Все мы знаем, что третья фаза, которую попытался проверить на своем опыте Советский Союз, оказалась нежизнеспособной. Но если мы попытаемся избежать мистификаций и просто предположим, что однажды наступит время относительного изобилия — по сравнению с нехваткой, которая была движущей силой во всех предыдущих экономических моделях, то получится, что Маркс сказал то же самое, о чем писал Джон Кейнс (John Maynard Keynes) в 1930-х годах: однажды товаров хватит на всех, и «экономическая проблема» будет решена.
Какую пользу можно извлечь из концепции способов производства сегодня, когда неолиберальная модель капитализма рухнула, а ее место так и осталось незанятым? Попробуйте взглянуть на эту ситуацию, как это сделал бы современный Шекспир: в социальной жизни наблюдается серьезный подъем. Современная Венеция — это цифровой мир, где люди создают и воссоздают реалии своей социальной жизни, пользуясь беспрецедентной свободой , которую государства и аппараты безопасности из всех сил стараются ограничить.
Современный купец этой Венеции не принадлежит элите общества: он является производящим потребителем — человеком, который сдает свою квартиру на сайте Airbnb или держит магазинчик на eBay.
Что касается экономической пружины, то та пружина, которая обеспечивала существование капитализма, ослабла.

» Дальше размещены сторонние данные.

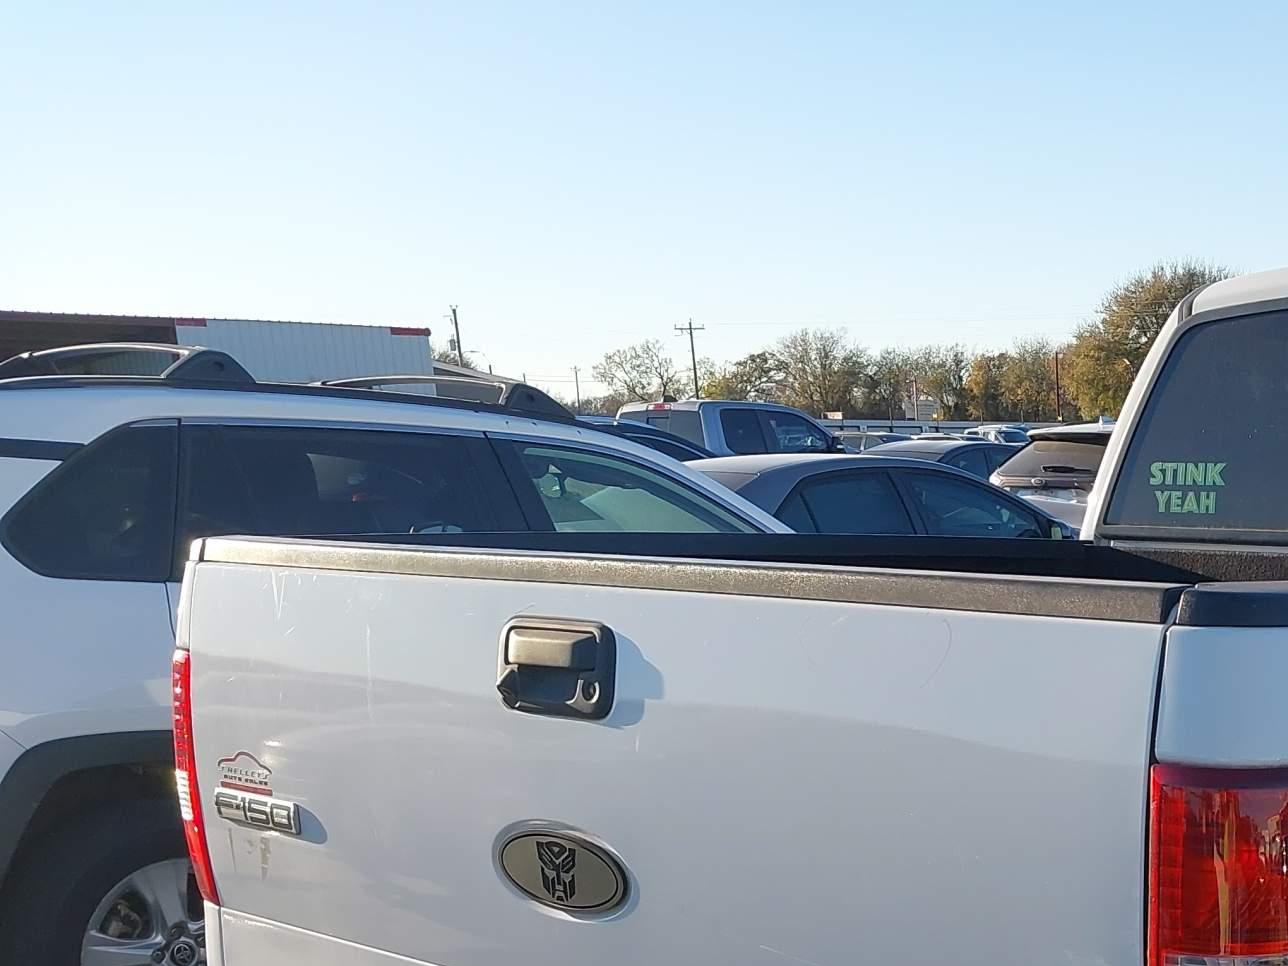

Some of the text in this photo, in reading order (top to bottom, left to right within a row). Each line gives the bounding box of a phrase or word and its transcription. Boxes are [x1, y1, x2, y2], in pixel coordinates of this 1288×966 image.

Население стареет, и скоро мы получим целое северное полушарие Полониев. Рост производительности замедлился. Однако помимо слабеющей экономики, которая измеряется показателями ВВП и оборота, существует еще одна экономика, в рамках которой люди свободно создают и обмениваются товарами. И только существование не имеющих аналогов технологических монополий, стремящихся помешать распространению бесплатной информации, мешает большим объемам основного продукта нашей эпохи — информации — оставаться бесплатными.
Если посмотреть на нынешнюю ситуацию в таком ключе, то мы легко заметим предпосылки «посткапиталистической» эры, хотя неспособность найти путь к ней отравляет все современные социальные движения. Подобно Шекспиру, мы, возможно, находимся на столь раннем этапе этой финальной стадии, что пока мы не можем ее распознать. Но в современной жизни объединенных сетью людей, мы можем увидеть аватары будущего общества с той же четкостью, с которой великие персонажи шекспировских пьес предсказывали то, как будет выглядеть величие в рамках рыночной системы.